Me cuesta mucho escribir sobre la crisis, se ha escrito tanto y tan bien –también erróneamente – sobre el tema, que pongo en duda que pueda aportar algo nuevo al debate. Desde prestigiosos economistas, a quienes pilló dormidos o despistados el tremendo aprieto social en que estamos metidos, a los políticos, pasando por los nuevos gurús de la catástrofe, algunos de ellos numerarios de ciertas familias religiosas cuyas aportaciones al erario familiar no cotizan en el público, todos, han desgranado la culpas de los otros, obviando reconocer las suyas. Sólo en algo coinciden: La utopía ha muerto.

Corre por Internet un interesante video de una intervención de Cohn Bendit en el Consejo del Parlamento Europeo sobre el rescate de Grecia. En su discurso exige que no pidamos imposibles al gobierno Griego y la creación de un Fondo Europeo. Dice, muy claro, que deben ser las Instituciones Europeas quienes pongan freno al delirio de los financieros. No dejen de verlo (link). Pero sobre todo fíjense en las caras y las actitudes de los que le rodean, al margen de tibios aplausos, una mayoría escucha el discurso como quién oye llover, incluso con gestos de fastidio. Hablaba un utópico. Alguien que pide que se dejen de vender armas – fragatas francesas – a Grecia para supuestamente proteger a Chipre de una posible invasión turca. Alguien que insiste en que los seres humanos están por encima del dinero. Un estúpido que sigue creyendo en la utopía de la libertad, la igualdad y la justicia.

Los políticos de chicha y nabo presentes, incapaces de parar el drama; ineptos para mantener un estado de bienestar europeo; cobardes para decirle a don dinero que esto se ha terminado; incompetentes en mantener el empleo; condescendientes con los de siempre, se ríen. La pregunta que nos asalta es la siguiente: ¿De Cohn Bendit, de todos nosotros…de ellos mismos?

Muchos de esos tipos fueron correligionarios del alemán en mayo del 68, menos de los que lo pregonaban en los 70 o en los 80, pero más de los que hoy están dispuestos a admitirlo. Luego están los que llegaron más tarde, las jóvenes promesas revolucionarias y liberales que nunca leyeron a Tomás Moro, a Robert Owen, Étienne Cabet, Saint-Simon o Fourier, ni tampoco a Marx, Engels o Trosky, aunque nos lo juren sobre cualquiera de las Constituciones de los países que representan. Tampoco haberlos leído es una inerrable razón, pero ayuda a comprender la evolución social de Europa y con ella la del mundo.
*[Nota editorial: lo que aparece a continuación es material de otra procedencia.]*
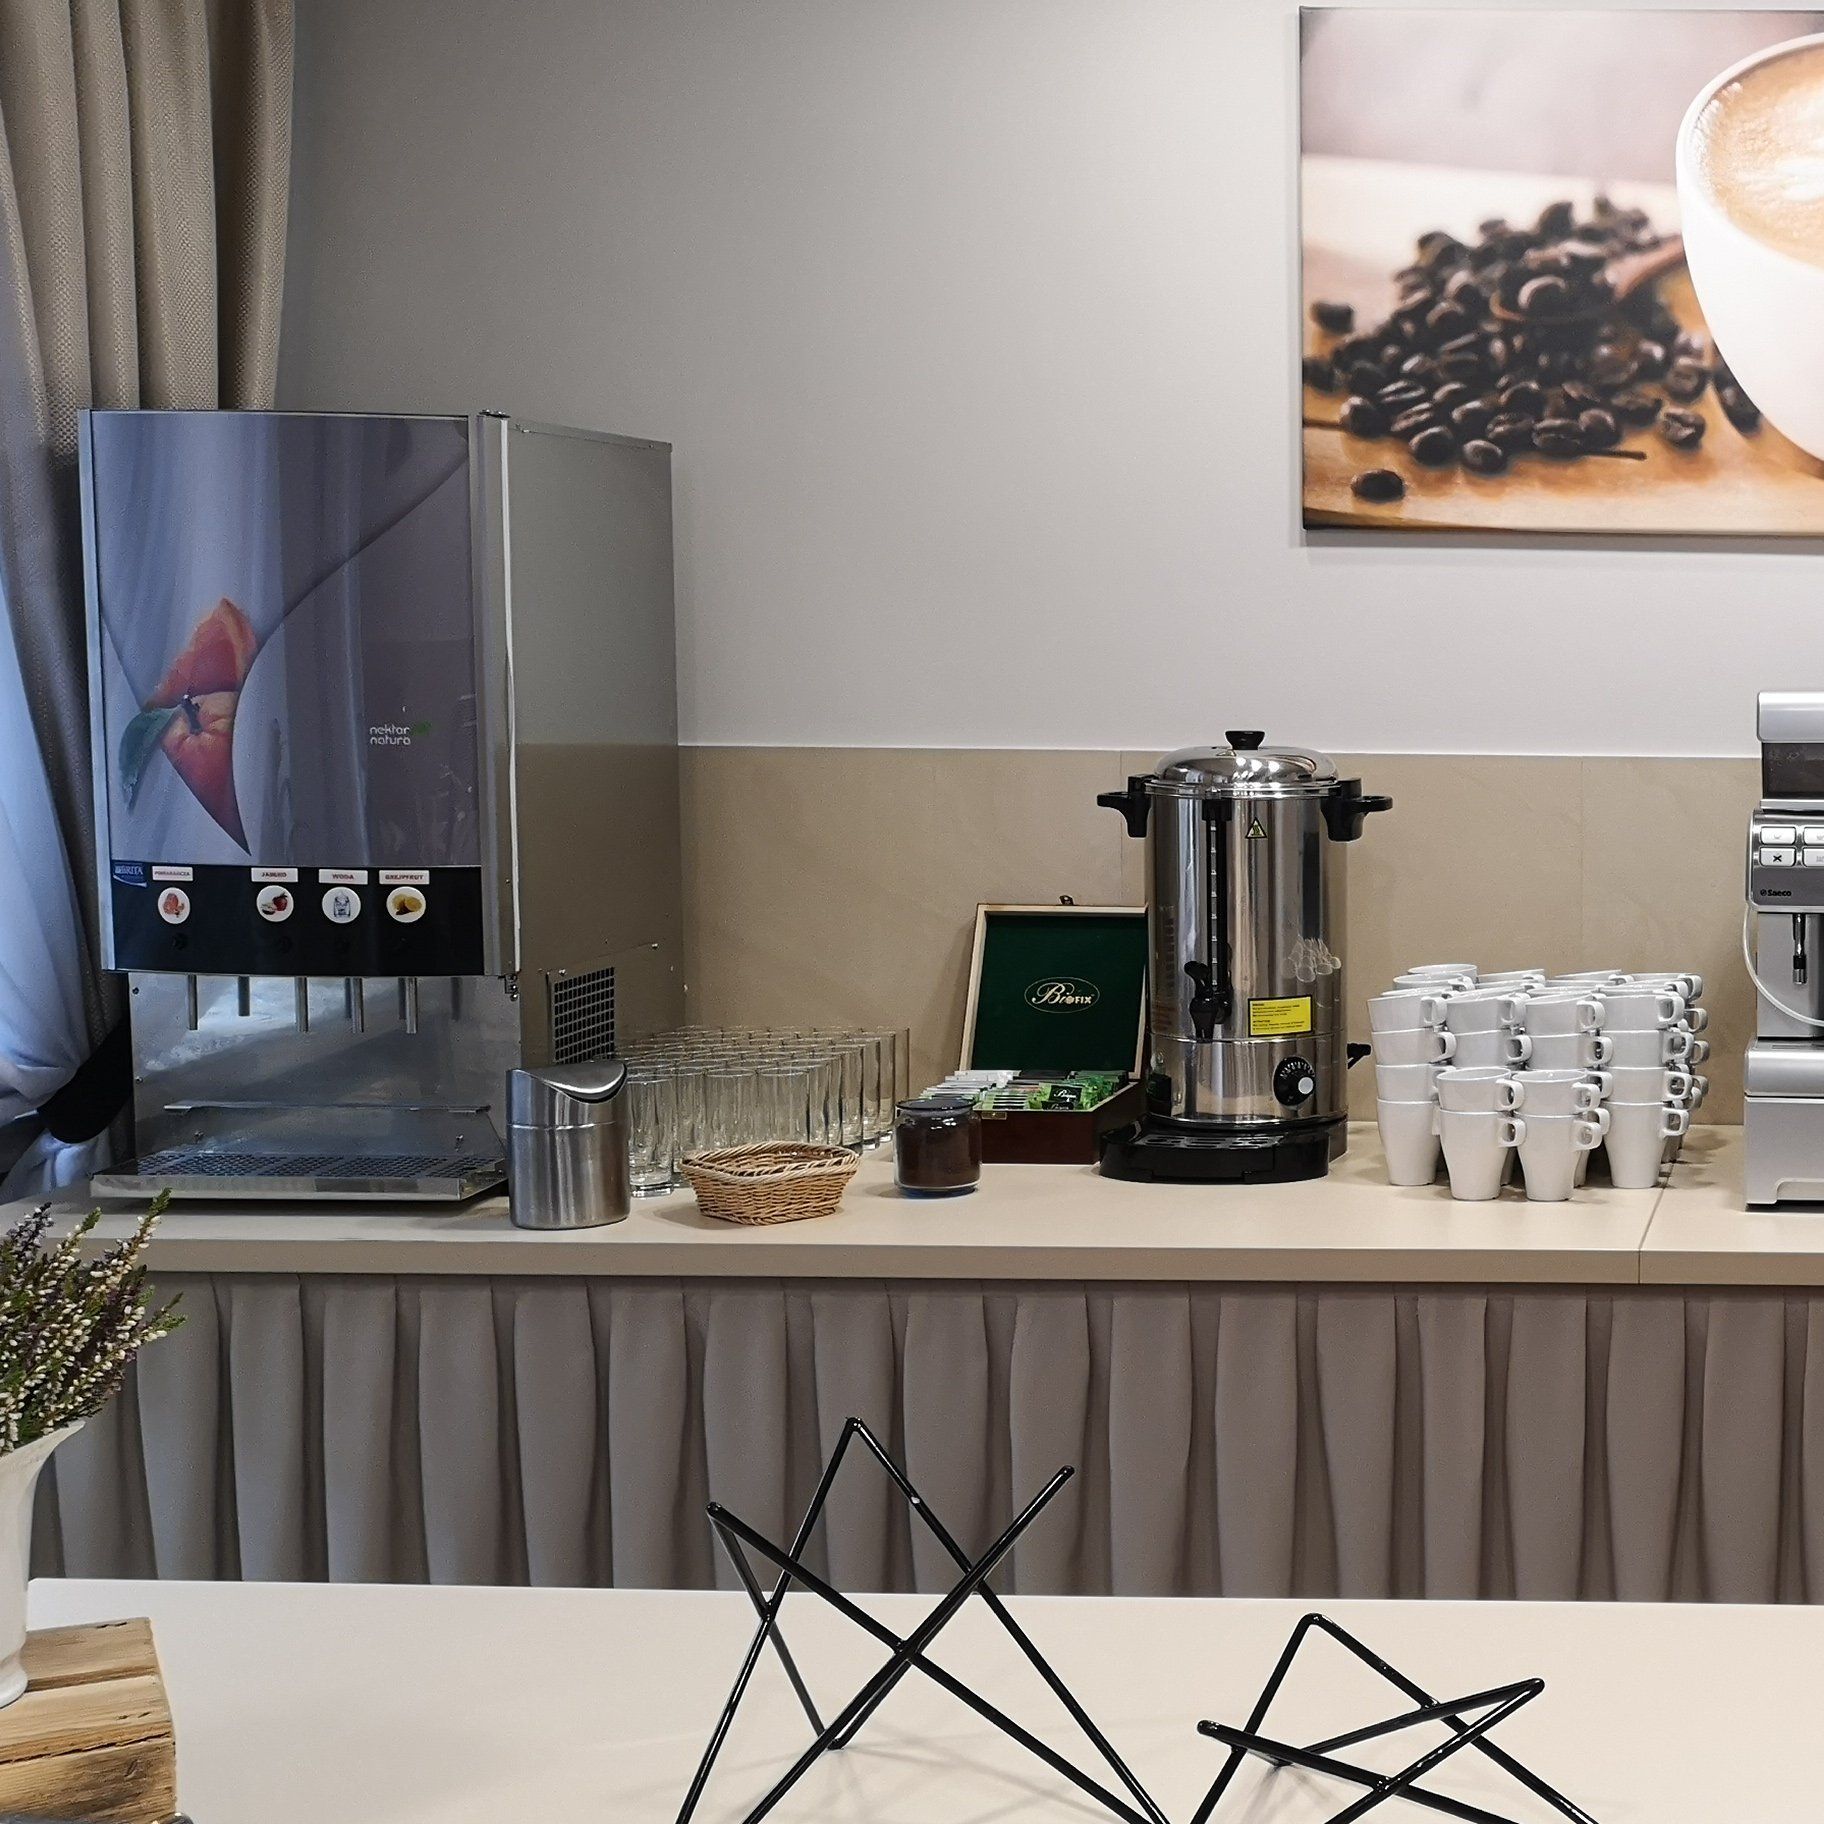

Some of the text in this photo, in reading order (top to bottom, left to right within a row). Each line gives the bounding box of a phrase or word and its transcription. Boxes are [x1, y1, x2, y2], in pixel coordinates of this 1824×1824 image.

[370, 724, 410, 735] nektar
[370, 735, 411, 745] natura
[1767, 889, 1792, 897] Saeco
No les crean, no es verdad que no haya dinero; nadie come divisas, aunque a muchos les gustaría para que los necesitados tuviesen, en su escasez, más hambre de la que padecen. El dinero sigue existiendo, lo que ha mermado son los beneficios y las plusvalías. Que ya no lo tenga el banco donde depositamos nuestros ahorros en sus activos, no quiere decir que se haya volatilizado; sólo es la prueba de que fue demencialmente y equivocadamente invertido. Seguro que está en el bolsillo de alguien. Y nadie es culpable.

Tampoco piensen que son los elegidos por el pueblo los que gobiernan los países desarrollados, ahora en crisis. No. Los lobbies políticos y financieros son quienes mueven las fichas del tablero y no precisamente en una isla llamada Libertad. Se menean en plantas de rascacielos de Nueva York, en hoteles de cinco estrellas como el Bilderberg, en sedes bancarias y de órdenes religiosas, allí se deciden candidatos, programas y gobiernos.

Ningún país ha quemado sus reservas monetarias, ningún millonario –que yo sepa – ha repartido su fortuna entre los parados. Tal vez, alguno de ellos, ya fallecido, la ha donado a la Casa Real. La pasta sigue ahí, sólo que financieros y poderosos la han puesto a buen recaudo. ¡Faltaría más! No creen en la utopía, pero confían en los valores y patrones que ellos mismos no saben mantener. O tal vez más de lo que nos imaginamos y nos conducen al redil vía Teoría del Caos.

En su interesada credulidad hacia sus intereses, siguen creyendo en los dioses, mientras veneran al patrón oro; sin embargo se olvidaron de algo muy importante: el ser humano. Dejaron la Utopía enterrada en la granja de George Orwell y ahora no sabemos distinguir, por mucho que miremos por la ventana, quienes juegan la partida.